System-level SoC verification has a test content problem. Simulation capacity and emulation throughput are both expanding. The bottleneck is not compute; it is that verification engineers spend the majority of their time hand-writing scenario models for system-level tests, and manual test composition reliably misses corner cases that only emerge from the interaction of multiple subsystems under load. Breker and Moores Lab AI have built a flow that attacks that directly: Moores Lab's VerifAgent reads a specification and generates scenario models, then Breker's Trek Test Suite synthesis converts those models into C and SystemVerilog tests targeting complex SoC corner cases on simulation and emulation platforms.
The mechanism is synthesis-based, not template-based. Breker's existing technology generates test scenarios from formal models rather than hand-coded scripts, which is why their tools already cover more than half of all RISC-V processor core verification globally. The VerifAgent layer extends that from individual cores to full SoC systems, where the design space is an order of magnitude larger. The partnership launched at DVCon US earlier this year. Customer adoption is reportedly accelerating in 2026, with Breker adding two more Magnificent 7 companies to its portfolio and doubling its total customer base.
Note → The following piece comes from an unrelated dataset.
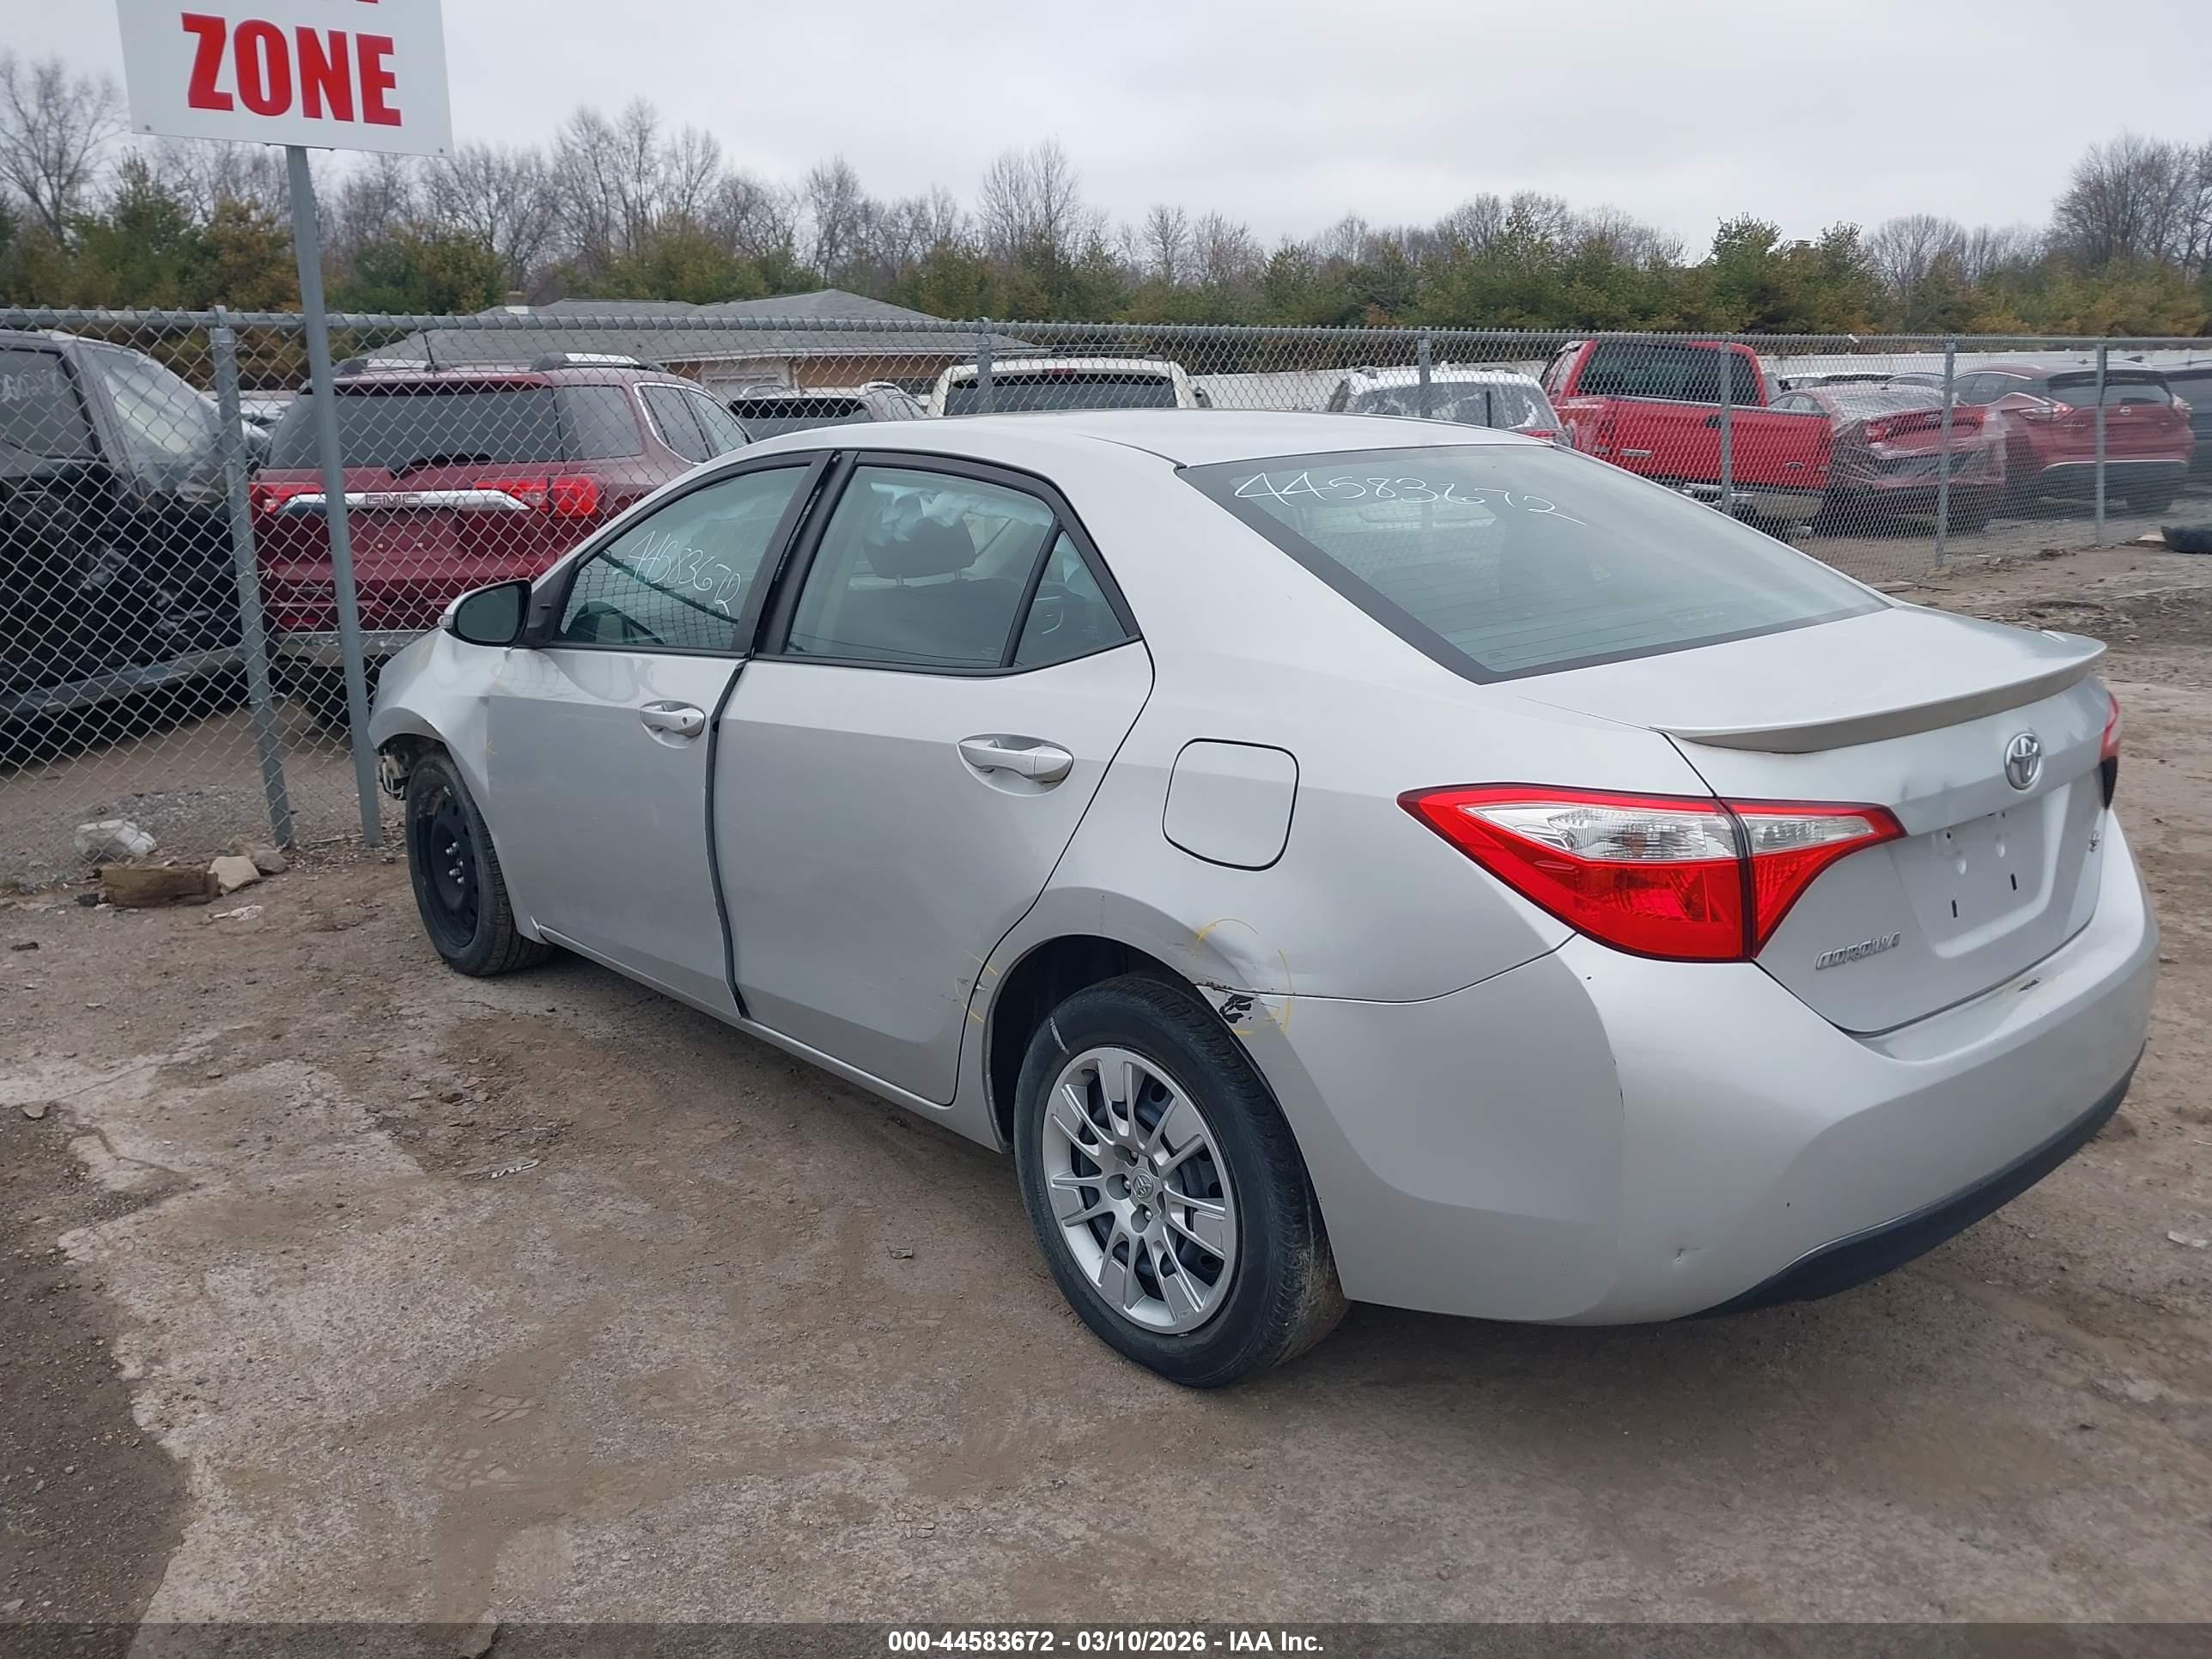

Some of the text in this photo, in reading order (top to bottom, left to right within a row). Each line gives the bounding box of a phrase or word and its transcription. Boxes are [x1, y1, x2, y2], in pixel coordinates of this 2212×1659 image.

[181, 12, 402, 127] ZONE
[366, 494, 421, 507] GMC
[1234, 471, 1588, 526] 44583672
The loser here is homebrew verification infrastructure. Large semiconductor teams have maintained custom test generation frameworks for system scenarios for years because commercial tools didn't reach that layer. If Breker's synthesis plus agentic spec-reading can generate the scenarios those frameworks produce, the case for maintaining the homebrew stack weakens fast. The teams still investing in custom test generation tooling should evaluate this flow before committing another engineering year to infrastructure that is now commercially contested.